Molibdenos y Metales SA of Chile (Molymet) MOL.SN is the world's largest producer of primary rhenium, accounting for more than 50 percent of supply.
"We are studying what percentage of our sales will be sold on the spot market," the source said. "We are a big player it is reasonable we should say something about the spot price."
Not traded on an exchange, indicative pricing for the silvery-white metal is left to vendors such as Thomson Reuters and Metal Bulletin, where reporters collect prices from traders, producers and consumers and publish a consensus.
Rhenium has the second highest melting point -- 3186 degrees celsius -- of any metal. It is a byproduct of molybdenum, which itself is a byproduct of copper, from mines in Chile, United States, Kazakhstan and Poland.

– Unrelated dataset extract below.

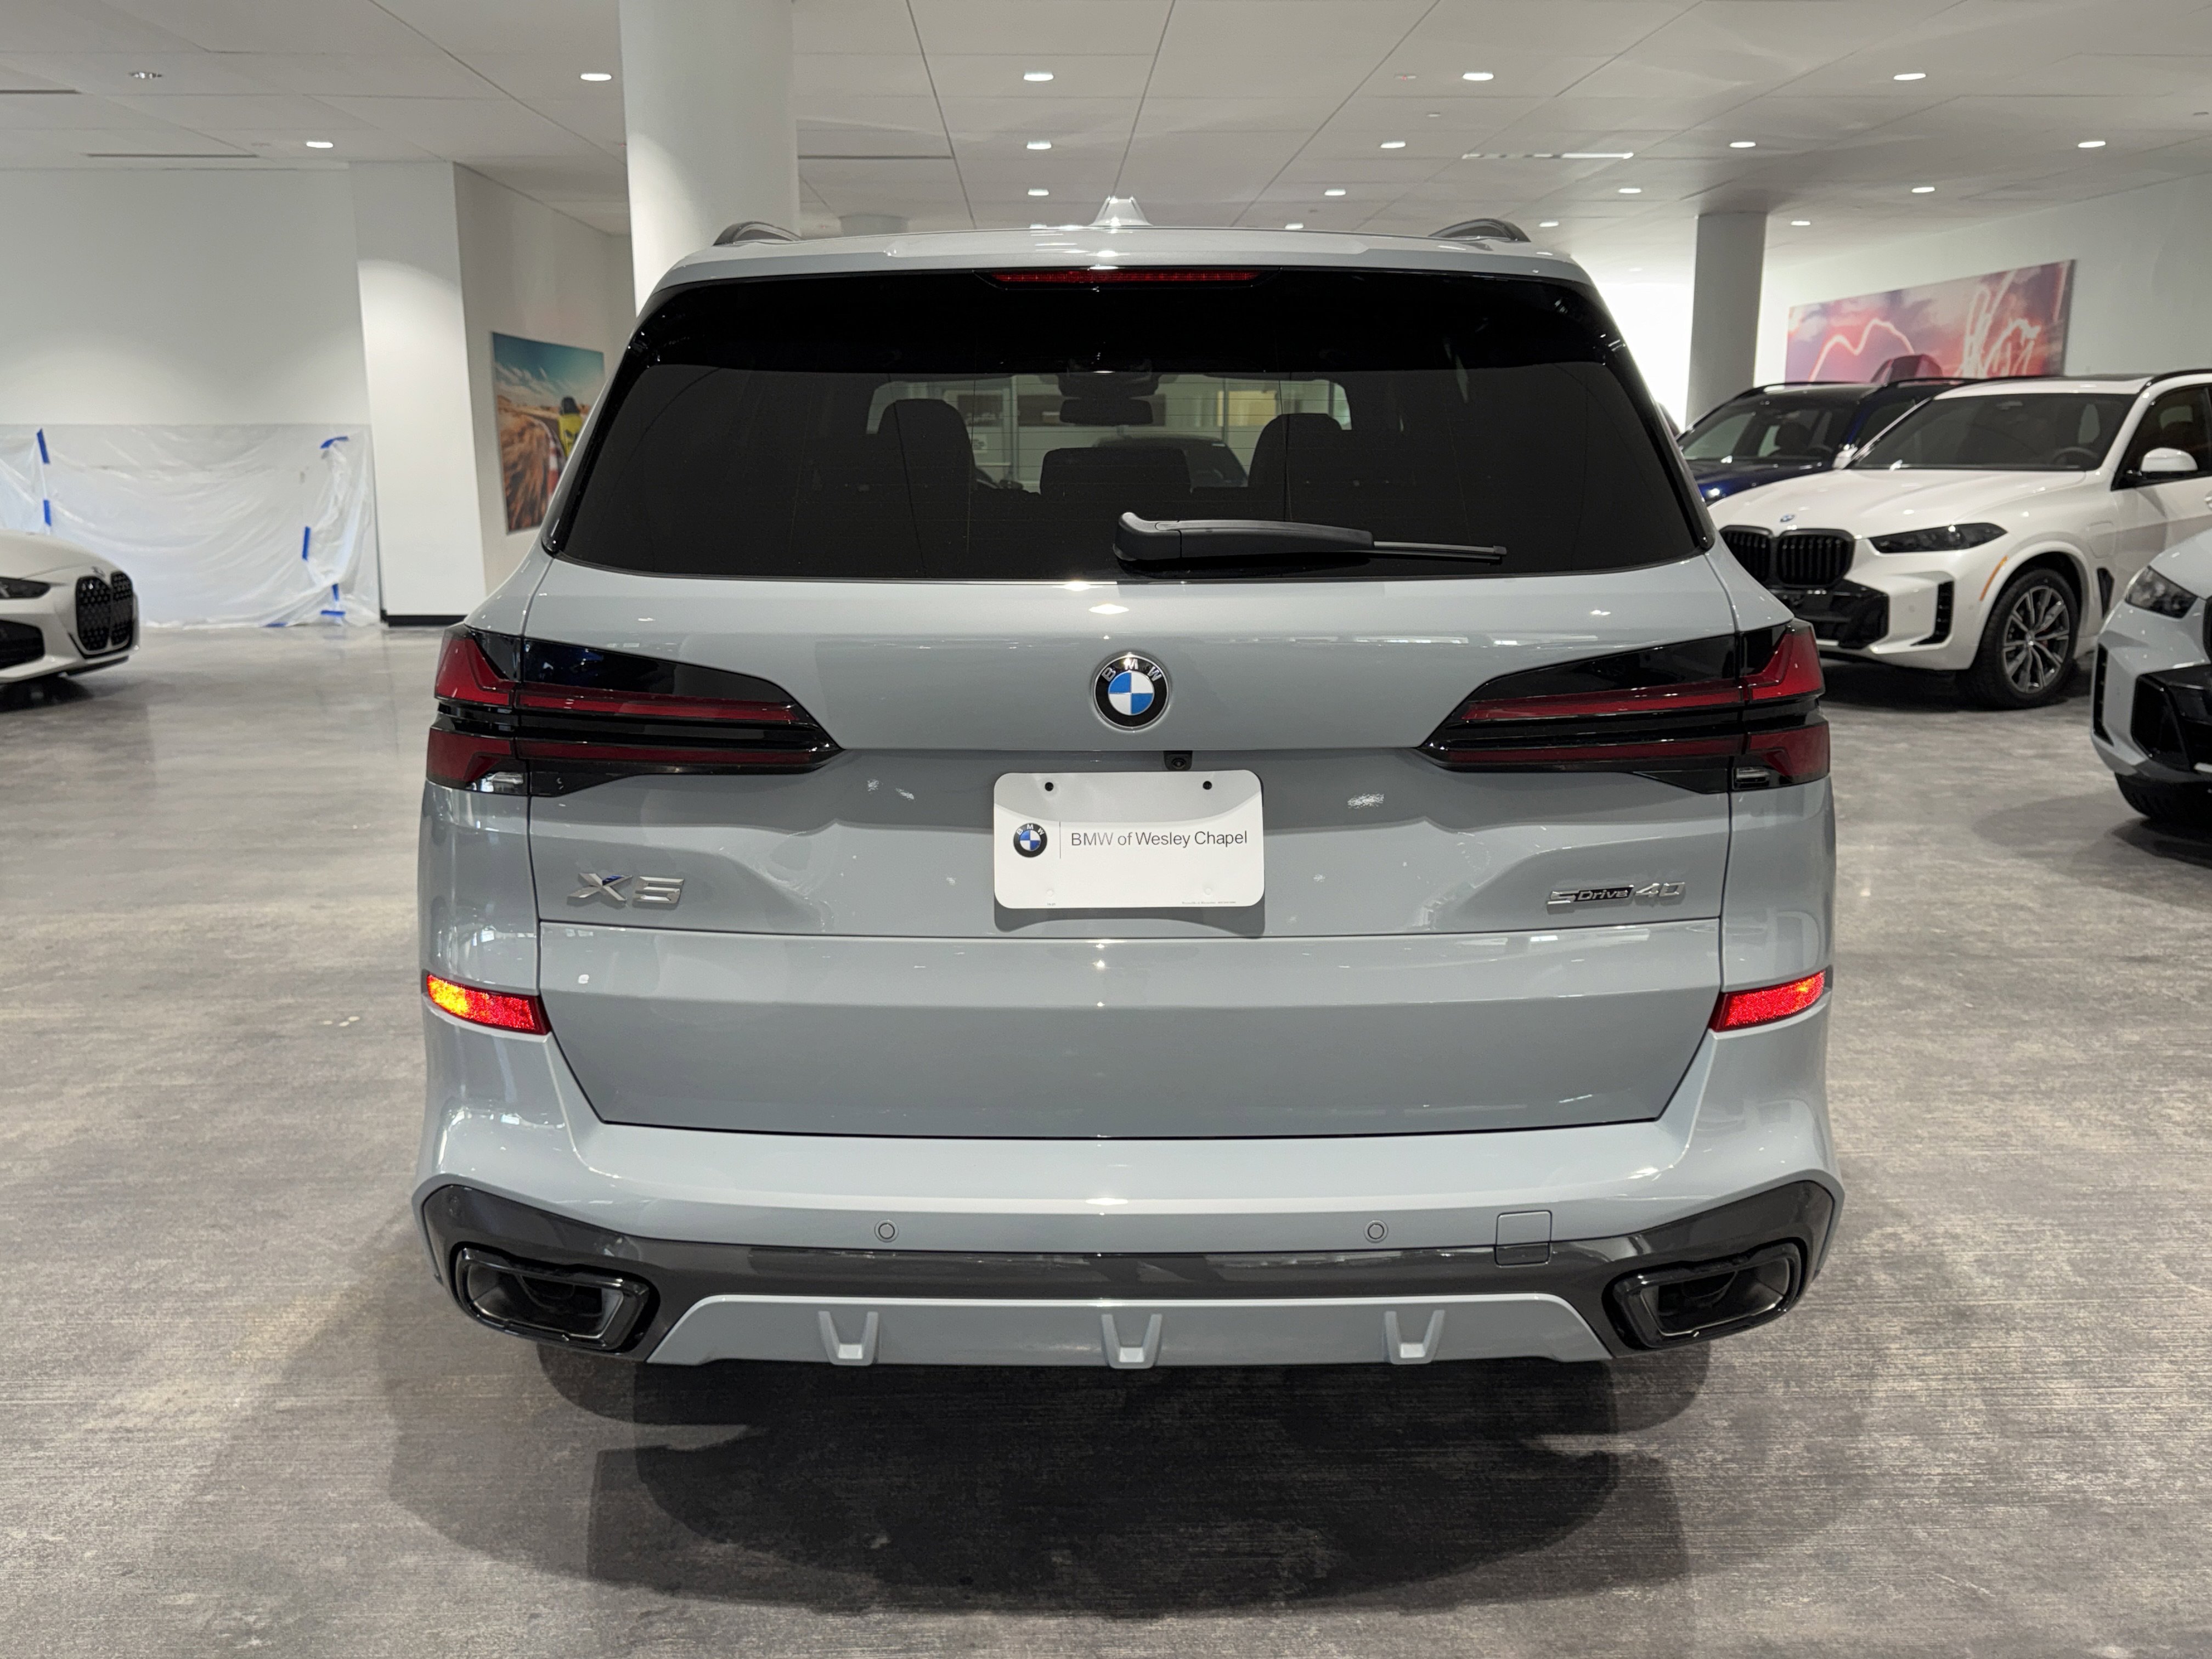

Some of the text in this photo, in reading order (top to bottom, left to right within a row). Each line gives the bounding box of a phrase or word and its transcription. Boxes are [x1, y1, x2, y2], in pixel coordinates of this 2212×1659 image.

The need for fuel efficieny, more environmentally friendly aeroplanes has meant strong demand for rhenium, which helps engines reach higher temperatures. It is also used to make industrial turbines.
Traders say copper producers are asking for credits for rhenium in the molybdenite processed by Molymet. That is why Molymet is looking at sales on the spot market.
"Either they want the rhenium units back, minus yield loss, or they want payment via the published price less discount," a UK-based minor metals trader said. "In both instances the old fixed price sales system cannot work.
Major consumers of rhenium are aero engine makers such as U.S.-based General Electic (GE.N), United Technologies (UTX.N) Pratt & Whitney and UK-based Rolls Royce (RR.L).
Rhenium pellets are currently trading at around $4,500 a kg on the spot market, up from levels above $3,700 in January, but down from record levels above $10,000 a kg in July 2008.